The cmstat utility prints out a tabular file of summary statistics for each given covariance model.

Output format

By default, cmstat prints general statistics of the model and the alignment it was built from, one line per model in a
tabular format. 

The columns are:

(1) The index of this profile, numbering each on in the file starting from 1.
(2) The name of the profile.
(3) The optional accession of the profile, or ”-” if there is none.
(4) The number of sequences that the profile was estimated from.
(5) The effective number of sequences that the profile was estimated from, after Infernal applied an effective sequence number calculation such as the default entropy weighting.
(6) The length of the model in consensus residues (match states).
(7) The expected maximum length of a hit to the model.
(8) The number of basepairs in the model.
(9) The number of bifurcations in the model.
(10) What type of model will be used by default in cmsearch and cmscan for this profile, either ”cm” or ”hmm”. For profiles with 0 basepairs, this will be ”hmm” (unless the --nohmmonly option is used).
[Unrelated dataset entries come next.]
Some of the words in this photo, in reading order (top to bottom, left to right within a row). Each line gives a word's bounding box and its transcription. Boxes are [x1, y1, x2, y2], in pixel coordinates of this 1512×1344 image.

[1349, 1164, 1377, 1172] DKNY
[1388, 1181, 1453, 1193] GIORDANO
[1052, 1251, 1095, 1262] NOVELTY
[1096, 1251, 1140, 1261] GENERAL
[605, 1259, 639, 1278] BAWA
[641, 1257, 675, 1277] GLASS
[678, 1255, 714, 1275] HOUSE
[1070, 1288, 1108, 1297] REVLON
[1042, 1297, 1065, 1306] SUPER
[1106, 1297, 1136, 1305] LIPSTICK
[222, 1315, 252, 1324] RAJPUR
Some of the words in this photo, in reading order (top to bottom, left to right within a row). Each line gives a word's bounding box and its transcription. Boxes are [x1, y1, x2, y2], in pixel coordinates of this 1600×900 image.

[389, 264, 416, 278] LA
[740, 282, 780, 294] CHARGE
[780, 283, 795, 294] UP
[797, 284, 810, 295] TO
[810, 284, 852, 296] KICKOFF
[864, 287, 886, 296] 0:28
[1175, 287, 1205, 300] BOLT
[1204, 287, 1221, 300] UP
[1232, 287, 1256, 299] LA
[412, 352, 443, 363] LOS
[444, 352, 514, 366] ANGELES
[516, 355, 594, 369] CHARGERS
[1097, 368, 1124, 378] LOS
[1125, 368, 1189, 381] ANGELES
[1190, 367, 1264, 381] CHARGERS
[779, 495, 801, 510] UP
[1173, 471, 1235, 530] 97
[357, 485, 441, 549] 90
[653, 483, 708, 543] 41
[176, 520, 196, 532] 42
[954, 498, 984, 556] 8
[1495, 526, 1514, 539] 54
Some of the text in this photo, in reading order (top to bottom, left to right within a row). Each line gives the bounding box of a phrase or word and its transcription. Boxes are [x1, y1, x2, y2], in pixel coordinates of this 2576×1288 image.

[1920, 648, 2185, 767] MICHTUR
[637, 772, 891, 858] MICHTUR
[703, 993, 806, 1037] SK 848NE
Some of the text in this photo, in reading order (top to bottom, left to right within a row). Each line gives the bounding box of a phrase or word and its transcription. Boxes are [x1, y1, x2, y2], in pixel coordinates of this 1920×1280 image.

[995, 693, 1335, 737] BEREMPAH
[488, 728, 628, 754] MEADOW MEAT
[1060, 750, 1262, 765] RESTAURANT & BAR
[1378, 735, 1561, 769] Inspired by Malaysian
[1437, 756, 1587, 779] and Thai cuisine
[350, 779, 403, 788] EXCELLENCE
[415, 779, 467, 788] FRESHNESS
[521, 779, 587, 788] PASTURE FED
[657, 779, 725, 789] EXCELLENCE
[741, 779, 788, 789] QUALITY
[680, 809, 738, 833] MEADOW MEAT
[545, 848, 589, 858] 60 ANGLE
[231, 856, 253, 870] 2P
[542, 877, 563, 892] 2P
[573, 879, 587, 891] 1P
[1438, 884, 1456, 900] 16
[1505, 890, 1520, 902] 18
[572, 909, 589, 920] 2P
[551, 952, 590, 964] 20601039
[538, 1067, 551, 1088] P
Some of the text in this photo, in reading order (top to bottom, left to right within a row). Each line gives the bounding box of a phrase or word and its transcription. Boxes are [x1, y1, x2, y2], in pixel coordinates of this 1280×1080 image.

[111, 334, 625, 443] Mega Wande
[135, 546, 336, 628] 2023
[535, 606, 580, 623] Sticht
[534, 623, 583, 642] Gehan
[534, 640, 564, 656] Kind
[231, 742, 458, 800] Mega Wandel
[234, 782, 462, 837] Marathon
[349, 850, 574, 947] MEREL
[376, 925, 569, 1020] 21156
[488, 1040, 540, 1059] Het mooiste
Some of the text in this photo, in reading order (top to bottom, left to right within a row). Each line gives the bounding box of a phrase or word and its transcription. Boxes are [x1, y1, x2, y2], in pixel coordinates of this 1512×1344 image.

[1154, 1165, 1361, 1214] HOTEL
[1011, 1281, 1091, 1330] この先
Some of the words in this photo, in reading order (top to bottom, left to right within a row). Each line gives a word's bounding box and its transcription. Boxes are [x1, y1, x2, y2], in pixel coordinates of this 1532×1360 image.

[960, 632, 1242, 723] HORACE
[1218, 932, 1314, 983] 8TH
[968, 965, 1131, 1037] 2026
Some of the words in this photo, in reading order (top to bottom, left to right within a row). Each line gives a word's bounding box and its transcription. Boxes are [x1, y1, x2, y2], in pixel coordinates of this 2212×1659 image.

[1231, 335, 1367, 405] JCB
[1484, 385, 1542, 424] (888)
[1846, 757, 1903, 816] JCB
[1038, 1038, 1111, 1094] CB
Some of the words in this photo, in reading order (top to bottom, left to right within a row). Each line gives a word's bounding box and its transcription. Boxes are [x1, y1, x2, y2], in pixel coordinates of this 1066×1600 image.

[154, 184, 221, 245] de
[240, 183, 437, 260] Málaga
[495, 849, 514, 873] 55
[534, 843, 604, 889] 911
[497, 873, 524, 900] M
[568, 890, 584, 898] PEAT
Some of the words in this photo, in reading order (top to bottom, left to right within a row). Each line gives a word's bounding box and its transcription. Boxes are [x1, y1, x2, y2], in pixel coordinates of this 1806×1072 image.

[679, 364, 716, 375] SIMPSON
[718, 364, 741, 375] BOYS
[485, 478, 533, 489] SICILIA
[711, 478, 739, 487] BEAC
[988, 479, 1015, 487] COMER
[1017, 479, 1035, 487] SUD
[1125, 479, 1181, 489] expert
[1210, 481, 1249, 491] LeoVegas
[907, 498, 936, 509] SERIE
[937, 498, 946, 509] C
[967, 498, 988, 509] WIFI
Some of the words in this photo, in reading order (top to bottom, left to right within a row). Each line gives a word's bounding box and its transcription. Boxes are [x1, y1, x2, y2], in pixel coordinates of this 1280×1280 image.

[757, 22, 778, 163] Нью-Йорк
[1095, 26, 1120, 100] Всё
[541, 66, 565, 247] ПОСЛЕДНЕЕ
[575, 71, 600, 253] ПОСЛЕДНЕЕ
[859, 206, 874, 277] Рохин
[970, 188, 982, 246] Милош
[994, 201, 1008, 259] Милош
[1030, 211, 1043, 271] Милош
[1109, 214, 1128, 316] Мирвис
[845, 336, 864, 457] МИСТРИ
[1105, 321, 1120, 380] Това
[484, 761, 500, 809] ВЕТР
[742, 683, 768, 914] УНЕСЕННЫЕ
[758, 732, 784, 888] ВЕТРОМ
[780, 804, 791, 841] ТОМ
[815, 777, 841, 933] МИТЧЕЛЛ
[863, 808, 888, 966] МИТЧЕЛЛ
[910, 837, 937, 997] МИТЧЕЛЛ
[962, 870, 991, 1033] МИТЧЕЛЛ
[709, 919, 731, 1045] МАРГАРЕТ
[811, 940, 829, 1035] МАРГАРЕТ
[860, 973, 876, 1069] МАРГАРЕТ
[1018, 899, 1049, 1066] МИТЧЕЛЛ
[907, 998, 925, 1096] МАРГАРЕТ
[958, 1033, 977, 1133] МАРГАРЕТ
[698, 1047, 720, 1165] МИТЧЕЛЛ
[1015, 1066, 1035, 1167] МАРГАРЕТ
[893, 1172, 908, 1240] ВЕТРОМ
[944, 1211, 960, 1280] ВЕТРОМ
For all other profiles, this will be ”cm”.
(11) Mean relative entropy per match state, in bits. This is the expected (mean) score per con-
     sensus position. This is what the default entropy-weighting method for effective sequence
     number estimation focuses on, so for default Infernal, this value will often reflect the default
     target for entropy-weighting. If the ”model” field for this profile is ”hmm”, this field will be ”-”.
(12) Mean relative entropy per match state, in bits, if the CM were transformed into an HMM (information from structure is ignored). The larger the difference between the CM and HMM
     relative entropy, the more the model will rely on structural conservation relative sequence conservation when identifying homologs.

For further questions please refere to the Infernal Userguide_.

.. _Userguide:

How do I cite Infernal?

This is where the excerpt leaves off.